The phrase to be wary of is “in the public interest”. This is often simply media spin for the phrase “interesting to the public”. The first justifies inquiry and the second sells newspapers. The coalescing and confusion has emerged, in part, through the rise of social media.

Just as social media has been heralded as the future of media, it has, in part brought about the demise of its discipline. Anyone with a smartphone can now take a picture or a video-clip, upload it to their website or Facebook account, and distribute it.

Because the barriers to entry as a disseminator of opinion have virtually melted away and anyone with a smartphone who snaps away at events claims the title of “journalist”, the result has been a shift away from the measured discipline of professional journalism towards an unrestrained feeding frenzy that has stripped away the ethics of journalistic inquiry.
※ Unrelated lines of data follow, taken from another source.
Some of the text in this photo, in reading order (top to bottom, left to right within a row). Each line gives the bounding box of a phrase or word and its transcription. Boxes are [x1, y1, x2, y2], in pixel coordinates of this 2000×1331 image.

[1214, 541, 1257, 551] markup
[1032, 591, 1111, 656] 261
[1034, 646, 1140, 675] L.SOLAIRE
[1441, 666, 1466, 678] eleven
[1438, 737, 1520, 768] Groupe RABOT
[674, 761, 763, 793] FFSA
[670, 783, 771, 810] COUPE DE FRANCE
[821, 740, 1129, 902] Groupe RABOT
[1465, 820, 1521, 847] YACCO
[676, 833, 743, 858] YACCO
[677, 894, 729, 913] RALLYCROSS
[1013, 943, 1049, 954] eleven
The endemic spread of such phones has made their presence both pervasive and clandestine. As such they are the source of intrusive attention, and have led a redefinition of what is considered “in the public interest”.

Desperate to keep up with the shift in consumer demand, newspapers and magazines have either dipped their toe into the sea of tabloid journalism or simply dived right in. The result has been a blurring of what is “in the public interest” and what is “interesting to the public”.
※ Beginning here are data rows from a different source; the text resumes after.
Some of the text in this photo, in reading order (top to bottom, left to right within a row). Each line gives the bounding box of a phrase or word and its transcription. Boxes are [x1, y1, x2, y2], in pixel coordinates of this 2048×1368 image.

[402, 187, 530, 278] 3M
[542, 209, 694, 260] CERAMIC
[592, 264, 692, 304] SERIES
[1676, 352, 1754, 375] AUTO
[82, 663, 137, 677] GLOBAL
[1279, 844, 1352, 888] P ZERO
So, what is the difference? The former is limited to anything that pertains to the prevention or exposure of criminal activity, something that threatens national security or the health and welfare of the public, or something that prevents the public from being misled by an individual or organisation. The latter is anything that helps consumers get their rocks off.

Example: if a high-profile CEO of a bank is indicted for fraud, it’s in the public interest. If the same banker has an affair, it’s simply interesting to a public craving to gorge themselves on tales of lascivious behaviour. The former demands inquiry, the latter is a personal matter and deserves a terse ‘no comment’.

Certain elements of the press try and get around this by saying that someone – even in business – is a ‘public figure’. This suggests that they are either owned by the public or owe the public some measure of gratitude, and therefore intrusion into their private life is justifiable payback. However, even if this argument had some merit, it falls flat by virtue of the fact that if a person is a ‘public figure’, it’s invariably only because the very same press has decided, unilaterally, to anoint them as such.

There are exceptions, of course: self-promoting ‘celebrities’ who wilfully court the press to polish their profile can hardly deny the same press access when they tarnish their own reputation with aberrant behaviour. In politics, people who run for public office are obviously accountable to the public, and characters who claim to represent the ‘people’, must be prepared to allow the ‘people’ access to them.

However, even the most obdurate, beguiling, attention-seeking political figures are entitled to some degree of privacy. After all – and here’s the twist – if we don’t temper our intrusion into their lives we risk appearing completely shallow and rapacious ourselves.

So what does this mean for you? It means that if someone from the media ever approaches you, and starts digging into your personal life, ask them if it’s in the public interest or simply interesting to the public. If they flinch, you’ll know they know you’re savvy, and they’ll proceed with caution. If they claim ‘public interest’, demand how. If they can’t, then say, “it’s a personal matter, and so I am not obliged to provide any comment”.

If they can, then I’m afraid you’re on your own.